Method: This study is based on a consecutive series of 508 surgical procedures in a total of 500 patients with medically refractory mesiotemporal lobe epilepsy operated at the Epilepsy Center Freiburg during 1998–2012. Clinical, neuroradiological and histopathological findings were evaluated. Mean duration of postoperative follow-up was 28 months.

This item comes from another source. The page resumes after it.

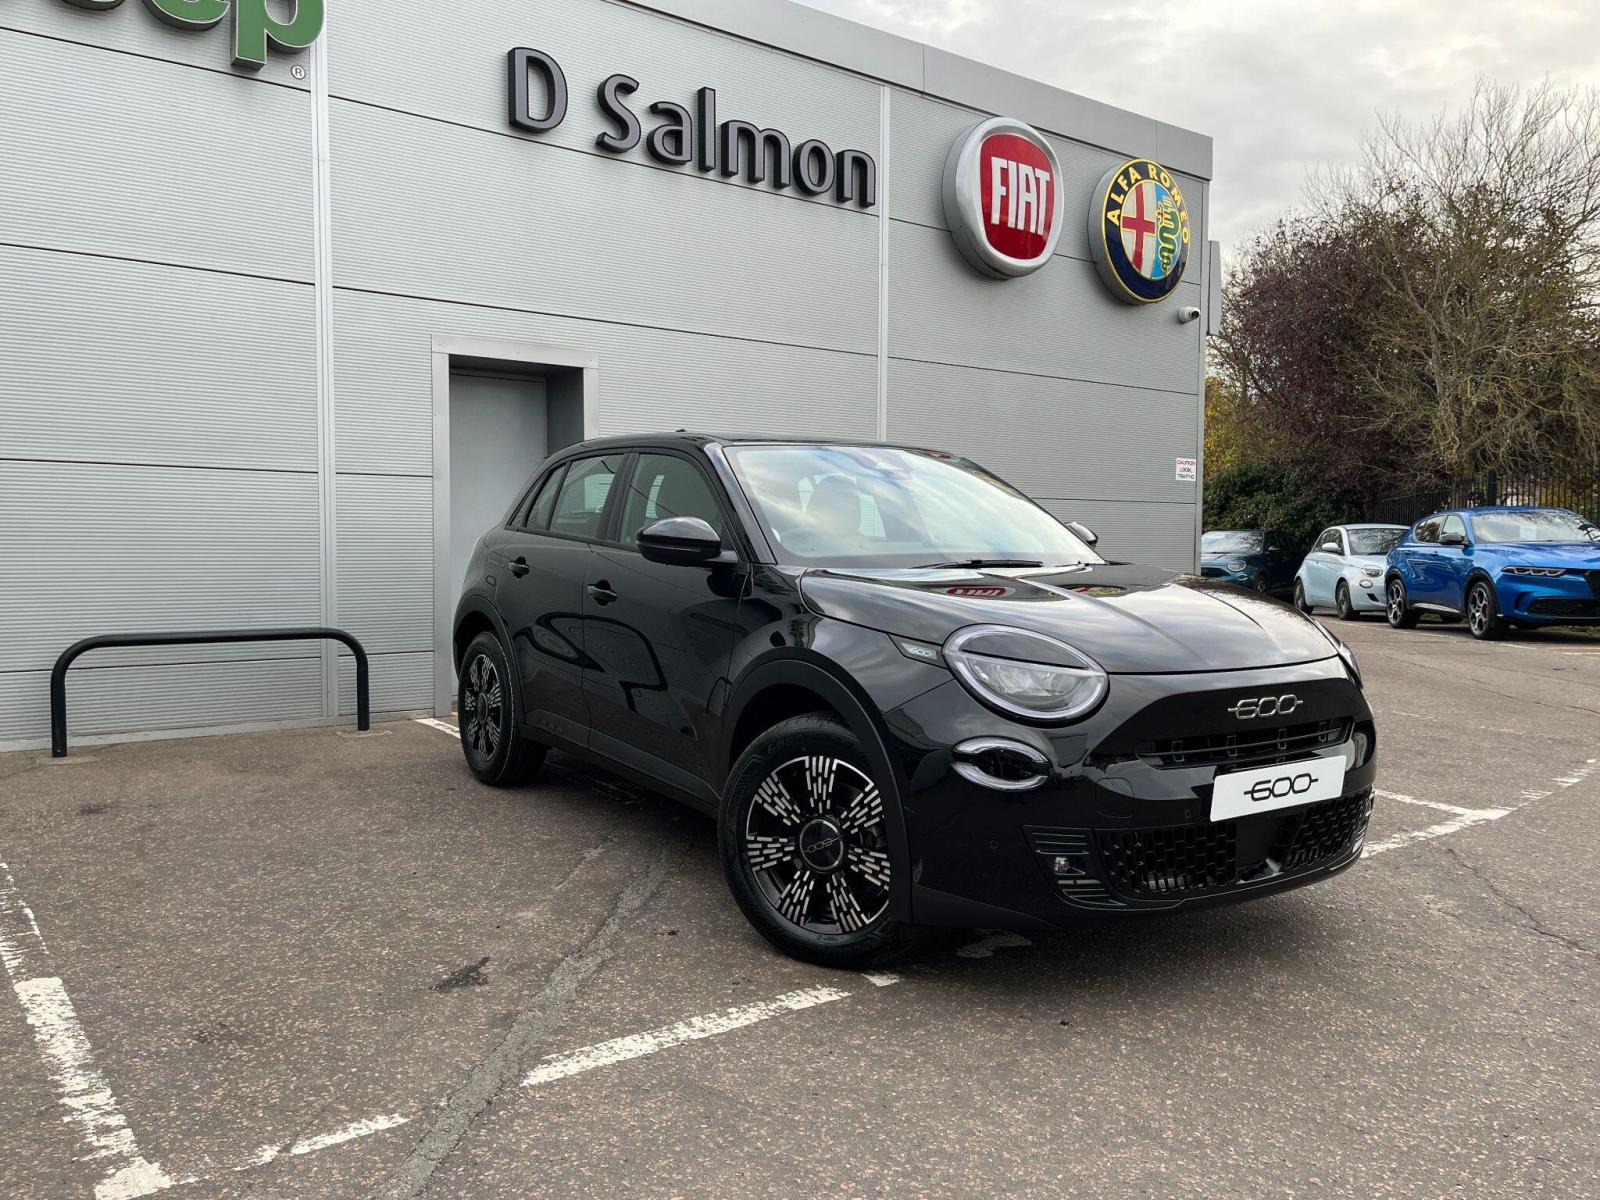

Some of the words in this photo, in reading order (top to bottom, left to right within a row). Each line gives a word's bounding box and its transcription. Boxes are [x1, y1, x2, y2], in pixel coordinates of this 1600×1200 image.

Results: The following procedures were performed: Standard anterior temporal lobectomy with amygdalohippocampectomy (N=184, 36.2%), keyhole resections with amygdalohippocampectomy (N=48, 9.4%), lesionectomy with amygdalohippocampectomy (N=62, 12.2%), transsylvian selective amygdalohippocampectomy (N=189, 37.2%) and subtemporal selective amygladohippocampectomy (N=25, 4.9%). Overall, 270 of 387 patients (69.7%) remained seizure free (Engel I) at one year after operation and 340 (87.7%) had a worthwhile improvement (Engel I-III). We did not observe significant differences in epileptological outcome in relation to the surgical approach used. There was no death in our series. Transient morbidity including surgical and neurological complications was encountered in 93 patients (18.6%) and permanent morbidity in 20 patients (4.0%). There were no significantly differences in complications in relation to the surgical approach performed.
Conclusions: Different surgical approaches for mesiotemporal epilepsy used in this series resulted in equally favorable seizure control and surgical outcome.